Увеличить |
XLV
Наполеон проехал Вильну в Екатеринин день, 24 ноября, а
русскую границу — 26 ноября, в день святого Георгия. Эту границу император
французов проехал в том жидовско-шляхетском возке, в котором по нем был сделан
неудачный выстрел в Ошмянах. Подпрыгивая па ухабах в этом возке, Наполеон с
досадой вспоминал торжественную прокламацию, изданную им несколько месяцев
назад, при вступлении в неведомую для него в то время Россию. «Мои народы, мои
союзники, мои друзья! — вещал тогда миру новый могучий Цезарь, —
Россия увлечена роком. Потомки Чингисхана зовут нас на бой — тем лучше: разве
мы уже не воины Аустерлица? Вперед! покажем силу Франции, перейдем Неман,
внесем оружие в пределы России; отбросим эту новую дикую орду в прежнее се
отечество, в Азию». Теперь Наполеон, вспоминая эти выражения, только подергивал
плечами и молча хмурился. Его мыслей не покидал образ сожженной Москвы и его
вынужденный позорный выход из ее грозных развалин. «Зато будет меня помнить
этот дикий, надолго истребленный город!» — рассуждал Наполеон, убеждая себя,
что он и никто другой сжег Москву. Его путь у границы лежал по кочковатому,
замерзшему болоту. На одном из толчков возок вдруг так подбросило, что
император стукнулся шапкой о верх кузова и, если бы не ухватился за сидевшего
рядом с ним Коленкура, его выбросило бы в распахнувшуюся дверку.

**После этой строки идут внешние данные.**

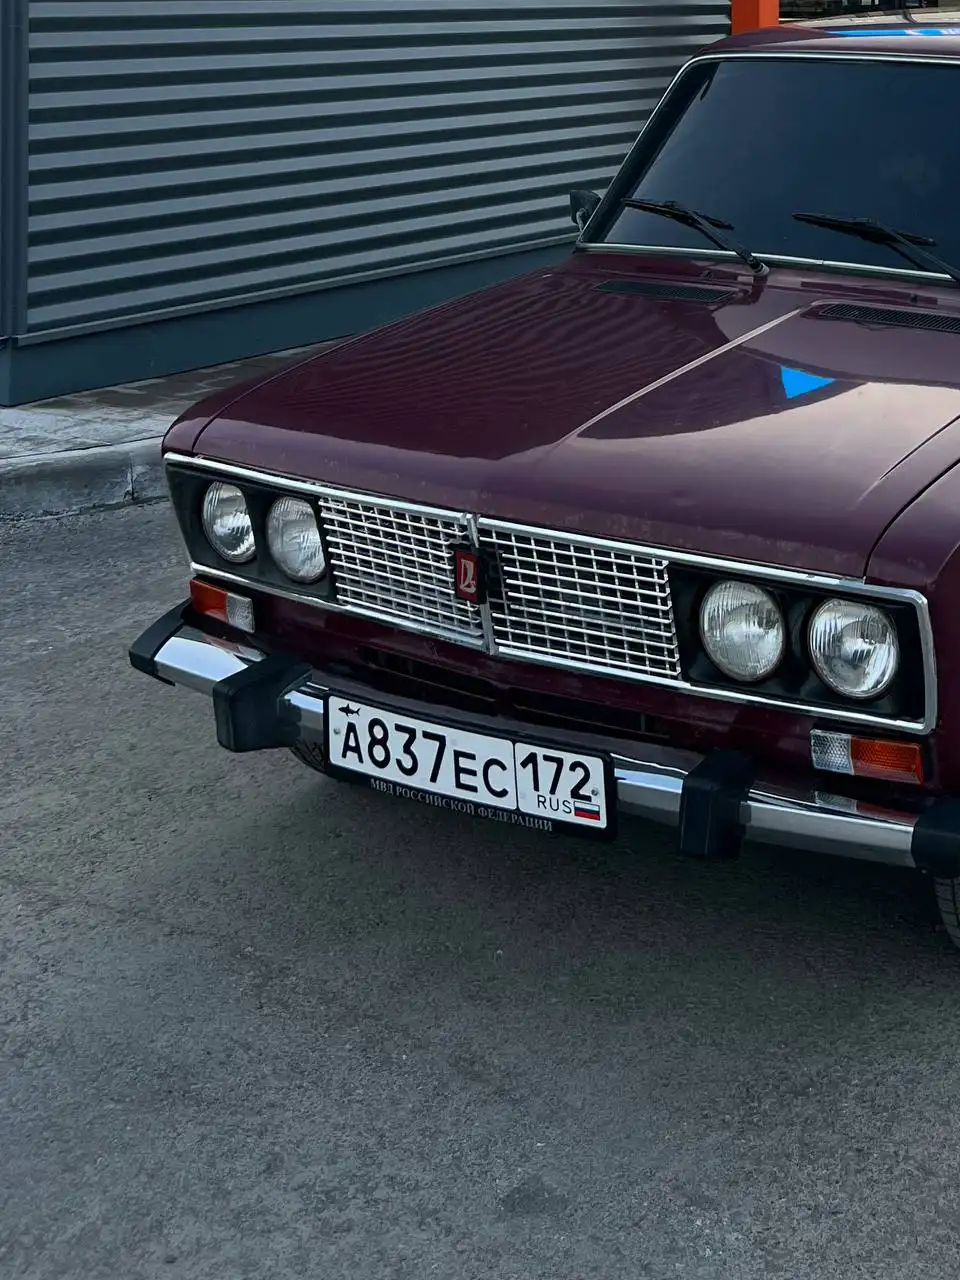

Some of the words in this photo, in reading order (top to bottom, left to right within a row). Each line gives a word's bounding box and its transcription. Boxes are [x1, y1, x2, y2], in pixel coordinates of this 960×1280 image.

[341, 717, 509, 799] А837ЕС
[520, 751, 593, 802] 172
[370, 777, 394, 795] МВД
[396, 786, 475, 816] РОССИЙСКОЙ
[477, 806, 553, 832] ФЕДЕРАЦИИ
[537, 794, 572, 814] RUS

— От великого до смешного один шаг! — с горькою
улыбкой сказал при этом Наполеон слова, повторенные им потом в Варшаве и
ставшие с тех пор историческими. — Знаете, Коленкур, что мы такое теперь?

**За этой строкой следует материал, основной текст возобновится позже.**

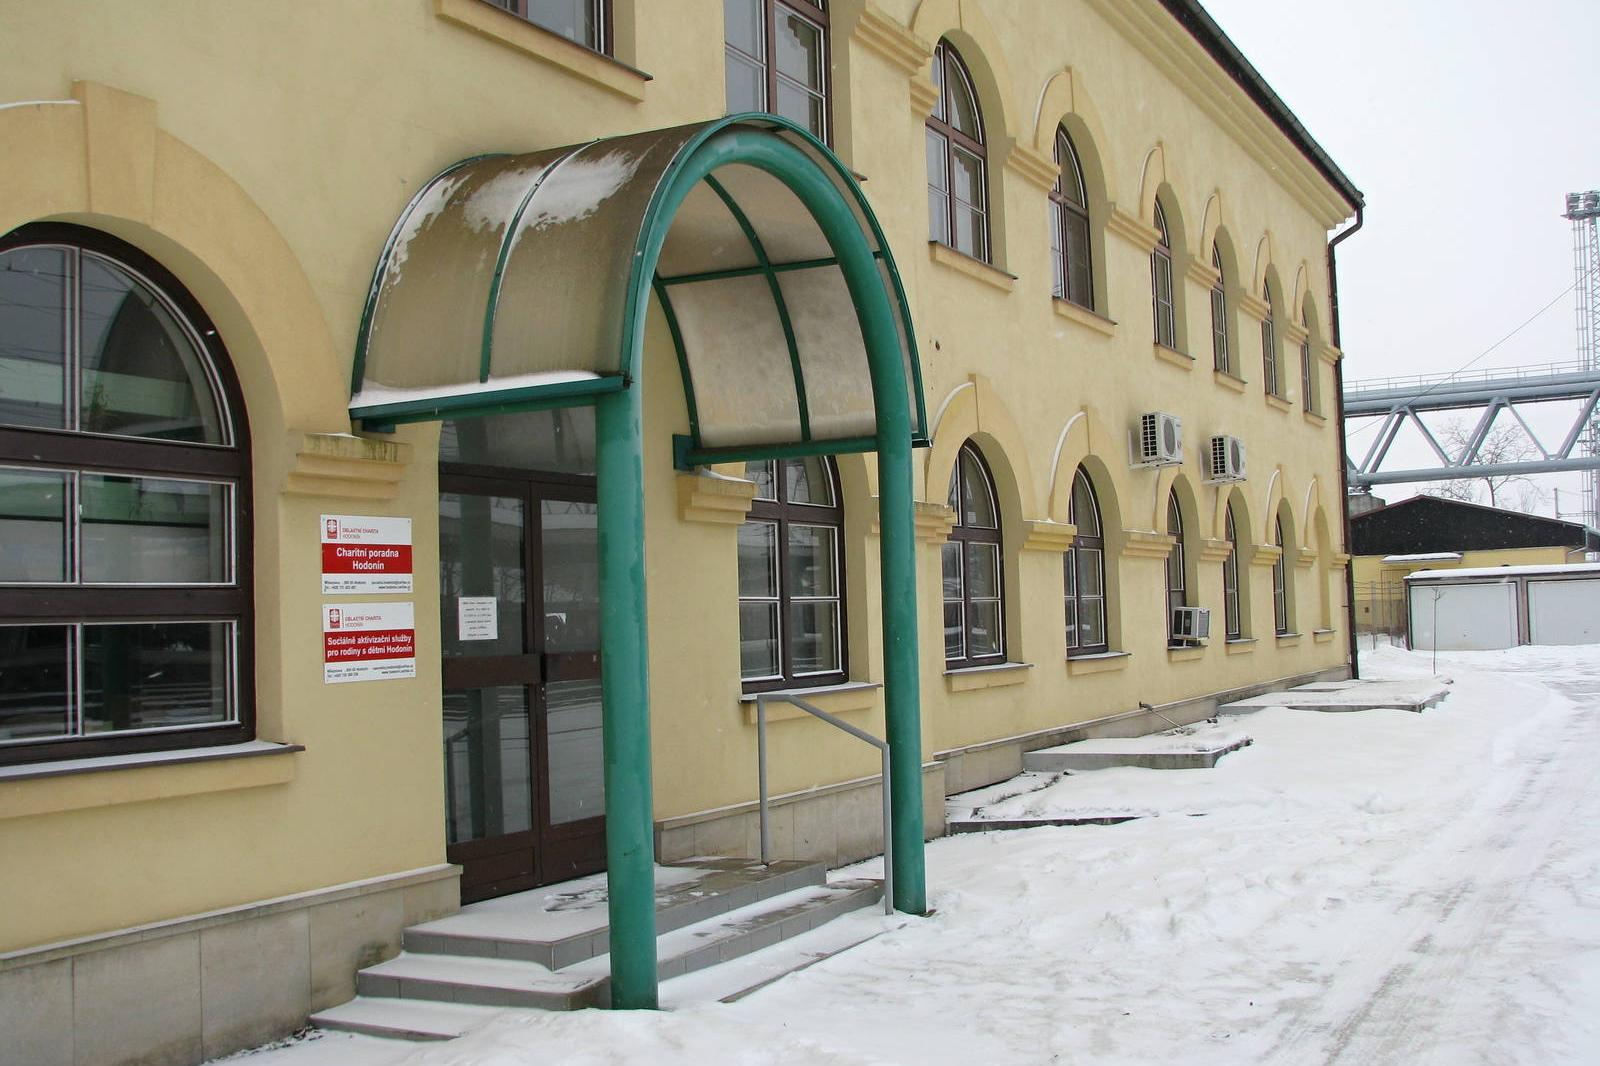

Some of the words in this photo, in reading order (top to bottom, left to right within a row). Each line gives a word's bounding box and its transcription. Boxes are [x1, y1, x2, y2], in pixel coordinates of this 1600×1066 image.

[368, 549, 399, 559] poradna
[357, 634, 391, 644] aktivizační
[391, 634, 412, 644] služby
[327, 649, 339, 658] pro
[340, 647, 361, 657] rodiny
[368, 646, 385, 655] dětmi

— Вы — тот же великий император, а я — ваш верный
министр, поспешил ответить ловкий придворный.
— Нет, мой друг, мы в эту минуту — жалкие, вытолкнутые
за порог фортуной, проигравшиеся до нового счастья авантюристы!
А в то время как, не поспевая за убегавшим Наполеоном и
падая от голода и страшной стужи, шли остатки его еще недавно бодрых и грозных
легионов, в русских отрядах, которые без устали преследовали их и добивали, все
ликовало и радовалось. В пограничных городах и местечках, куда, по пятам
французов, вступали русские полки и батареи, шло непрерывное веселье и кутежи.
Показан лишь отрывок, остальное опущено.